A couple of weeks ago, I attended a community economic development conference in Minneapolis. It was called 20/20, reflecting the twentieth anniversaries of the Metropolitan Consortium of Community Developers and the Local Initiative Support Corporation (or LISC). In fact, I got my very first predevelopment loan from LISC almost twenty years ago for ArtSpace Projects’ Frogtown Family Lofts in St. Paul.
Over 400 people involved in community economic development from around the region attended. As you can imagine, we live in exciting times, particularly those of us involved in community economic development.
LISC Executive Director Andriana Abariotes welcomed us. She recognized that we faced new challenges.
Then former St. Paul Mayor George Latimer led a panel discussion with leaders from the The McKnight Foundation, Travelers Foundation, Wells Fargo Foundation Minnesota, and the Northwest Area Foundation. While the panelists acknowledged the stock market decline adversely impacted their resources, all of the panelists, encouraged by Latimer, said that there were new opportunities for collaborative efforts between the public and private sectors.
During the break, I was able to connect with several of the people I had sought, including Ron Price, Senior Program Officer (and retail specialist) at LISC. He guided me to several excellent on-line resources which I am continuing to explore.
At lunch, I sat at a table full of bankers and equity investors. They all agreed that there was still money out there, that the underwriting requirements, at least for affordable housing, were still shaped largely by the state, and that the biggest change was a “flight to quality”, meaning higher returns and/or more reliable cash flow for financial participants.

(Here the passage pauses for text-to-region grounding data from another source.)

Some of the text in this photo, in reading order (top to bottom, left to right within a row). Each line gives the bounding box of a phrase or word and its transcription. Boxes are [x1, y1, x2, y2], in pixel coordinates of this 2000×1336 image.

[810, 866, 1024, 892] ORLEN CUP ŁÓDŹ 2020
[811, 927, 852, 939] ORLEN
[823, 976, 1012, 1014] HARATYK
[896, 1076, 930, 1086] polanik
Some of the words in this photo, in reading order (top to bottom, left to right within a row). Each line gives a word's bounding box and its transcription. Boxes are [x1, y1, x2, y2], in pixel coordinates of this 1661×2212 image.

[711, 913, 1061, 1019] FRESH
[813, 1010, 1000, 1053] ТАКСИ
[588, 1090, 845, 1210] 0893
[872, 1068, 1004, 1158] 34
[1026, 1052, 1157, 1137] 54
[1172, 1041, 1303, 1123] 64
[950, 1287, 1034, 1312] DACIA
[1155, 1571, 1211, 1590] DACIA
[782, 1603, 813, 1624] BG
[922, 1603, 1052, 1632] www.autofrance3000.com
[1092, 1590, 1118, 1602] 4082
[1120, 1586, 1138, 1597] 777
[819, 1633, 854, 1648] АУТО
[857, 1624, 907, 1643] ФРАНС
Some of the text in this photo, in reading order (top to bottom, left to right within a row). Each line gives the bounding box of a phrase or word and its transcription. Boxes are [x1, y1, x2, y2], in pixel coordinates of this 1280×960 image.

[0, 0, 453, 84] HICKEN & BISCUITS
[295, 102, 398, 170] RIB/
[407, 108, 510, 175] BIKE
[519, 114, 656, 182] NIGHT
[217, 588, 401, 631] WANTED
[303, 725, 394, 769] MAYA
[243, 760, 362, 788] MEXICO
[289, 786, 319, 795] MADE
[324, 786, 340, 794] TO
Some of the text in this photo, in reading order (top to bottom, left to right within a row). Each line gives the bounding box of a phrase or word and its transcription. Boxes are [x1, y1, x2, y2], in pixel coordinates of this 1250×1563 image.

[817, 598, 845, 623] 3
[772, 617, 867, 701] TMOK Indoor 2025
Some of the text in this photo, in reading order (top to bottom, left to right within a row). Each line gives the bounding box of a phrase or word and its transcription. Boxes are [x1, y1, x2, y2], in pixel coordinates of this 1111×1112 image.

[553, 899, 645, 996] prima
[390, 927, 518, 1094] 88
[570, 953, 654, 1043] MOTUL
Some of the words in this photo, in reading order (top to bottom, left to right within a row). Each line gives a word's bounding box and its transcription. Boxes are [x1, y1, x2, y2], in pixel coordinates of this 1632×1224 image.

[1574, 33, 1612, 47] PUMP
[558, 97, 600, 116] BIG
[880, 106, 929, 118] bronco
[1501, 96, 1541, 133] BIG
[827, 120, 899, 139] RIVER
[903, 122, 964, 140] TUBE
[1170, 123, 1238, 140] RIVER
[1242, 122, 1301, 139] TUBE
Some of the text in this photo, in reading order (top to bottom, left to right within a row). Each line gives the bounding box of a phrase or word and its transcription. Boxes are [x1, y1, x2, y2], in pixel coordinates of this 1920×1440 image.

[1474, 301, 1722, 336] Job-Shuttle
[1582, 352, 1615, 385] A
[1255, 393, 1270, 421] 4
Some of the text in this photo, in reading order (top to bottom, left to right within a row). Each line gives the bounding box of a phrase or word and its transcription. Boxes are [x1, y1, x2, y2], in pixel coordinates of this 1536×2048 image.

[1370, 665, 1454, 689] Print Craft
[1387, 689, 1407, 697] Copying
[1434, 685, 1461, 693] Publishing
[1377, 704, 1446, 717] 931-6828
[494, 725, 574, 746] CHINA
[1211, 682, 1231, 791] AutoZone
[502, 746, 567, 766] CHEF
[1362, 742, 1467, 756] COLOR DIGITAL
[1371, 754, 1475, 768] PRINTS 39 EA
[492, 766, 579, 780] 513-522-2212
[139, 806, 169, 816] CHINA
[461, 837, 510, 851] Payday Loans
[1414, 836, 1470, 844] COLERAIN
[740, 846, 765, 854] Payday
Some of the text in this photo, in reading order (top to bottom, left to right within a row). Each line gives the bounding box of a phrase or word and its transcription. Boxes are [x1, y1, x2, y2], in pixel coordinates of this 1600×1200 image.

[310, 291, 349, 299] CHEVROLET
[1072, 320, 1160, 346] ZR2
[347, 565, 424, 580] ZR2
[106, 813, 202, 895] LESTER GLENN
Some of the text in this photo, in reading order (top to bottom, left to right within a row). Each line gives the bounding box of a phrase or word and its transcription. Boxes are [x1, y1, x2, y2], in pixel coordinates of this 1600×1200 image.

Julie Causey, Chair of Western Bank, Michael Rubinger, President and CEO of LISC, Dan Bartholomay, Commissioner of the Minnesota Housing Finance Agency, and Elizabeth Kautz, Mayor of Burnsville, spoke during lunch. All were anticipating roles for the private sector in the economic development efforts initiated by the public sector in the coming months.
During the afternoon, I attended a session on “Community Development’s Return on Investment”. The speakers were Paul Fate, President and CEO of CommonBond Communities, Peter Heegaard, Founder and Director of Urban Adventure, and Mike Temali, Executive Director of the Neighborhood Development Center. All of the speakers seemed to indicate that neighborhoods were now being reviewed much like businesses, as a single entity that generates jobs, sales, and tax revenues.
The themes emphasized by the speakers during the conference included: 1. Collaboration, 2. Holism, 3. Community Engagement, and 4. Regional Integration. They are not unfamiliar to many of us in community economic development in Northfield.
Personally, I thought other concepts were strongly represented in the sessions. In my mind these were: 1. Grow Existing Assets, 2. Produce Local Results, 3. Clarify the Specifications of Success, and, in the current environment, 4. Cut Through the Noise, Fear, and Uncertainty when Making Decisions.
It was a great opportunity to renew old friendships, interact with peers and share successful models. I anticipate generating returns on this “investment” as part of the NDDC’s work plan for 2009.
One thought on “Twenty Years of Experience in Community Economic Development”
Very informative even for a person who did not attend this event. Wish I had known about it. Thank you for the information.